Alistair shared some quotes from a magazine article about “the new market research”:

  • “Forget focus groups and…surveys… Anything worth knowing about your customers, traditional market research can't tell you anymore.”
  • “You don't necessarily care if 20% feel one way and 80% think another…You want a range of views.”
  • “We are in the midst of watching a real shift away from survey-based research.”

Quite bold statements. Made more bold when Alistair revealed that they are from a July 1998 Inc. Magazine article. Enthusiasm for New MR is understandable, but… “It’s not inevitable that new techniques will supplant the old ways. Consumer insights help, but it’s only part of the picture. Being better is good, yet a rapid change to New MR requires massive superiority.”

Alistair argued that, in pitching New MR, we often forget the emotions and client need states of market researcher customers. “MR clients are driven by need states just like consumers. They have emotional needs, which effect how we package New MR.” Essentially we need to package New MR to fit into these need states. On their own, New MR methods and theories can help research clients, but such advantages often seem merely incremental.

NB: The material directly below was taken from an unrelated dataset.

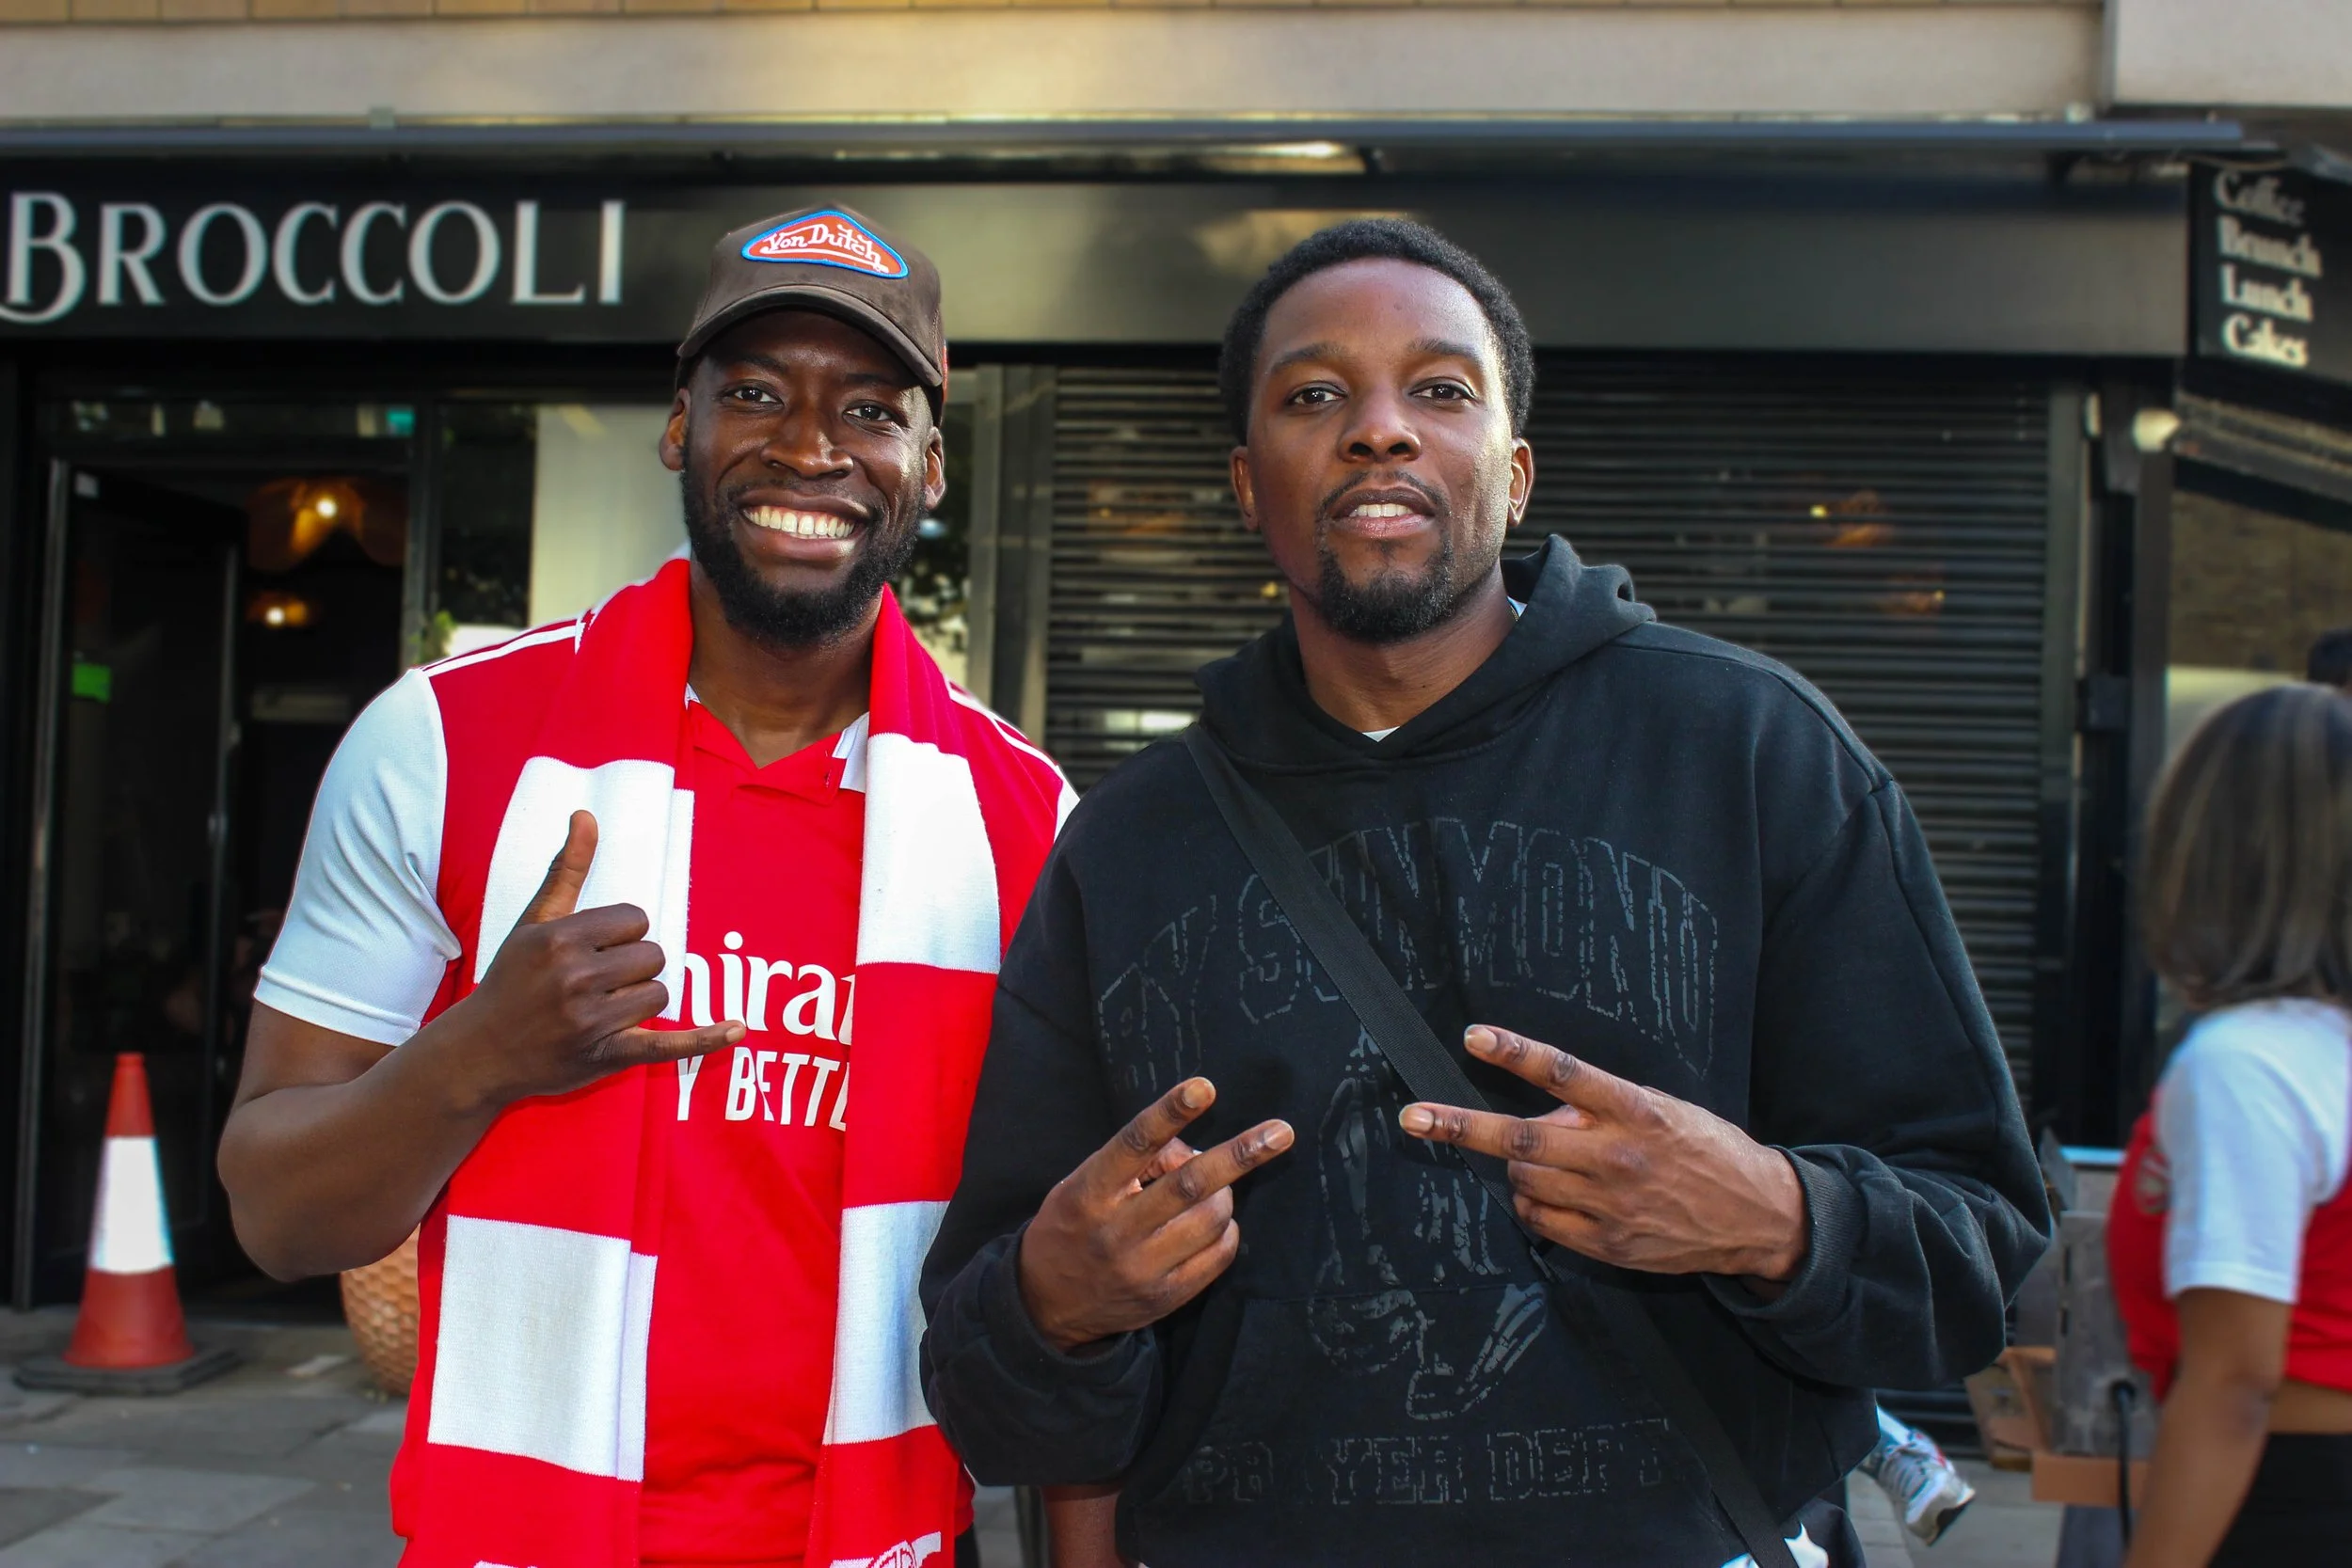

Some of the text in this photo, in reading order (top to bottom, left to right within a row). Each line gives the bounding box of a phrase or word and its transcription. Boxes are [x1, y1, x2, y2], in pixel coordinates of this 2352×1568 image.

For New MR to become Old MR, Alistair argues that New MR and Old MR should forge a synthesis. He gave two examples:

  • A methodology using online qualitative research, a customer advisory panel and SMR text analytics. “You could build a superb customer research program if you put them all together, but any of these methodologies on its own won’t be sufficient. The telephone alone didn’t defeat the telegraph.”
  • A methodology using neuroscience/modeling analytics, mobile studies and a brand-tracking study. “Align these with the traditional survey, which offers a lot of breath for brand awareness, but if the survey could be triggered by mobile studies and use elements of neuroscience…!”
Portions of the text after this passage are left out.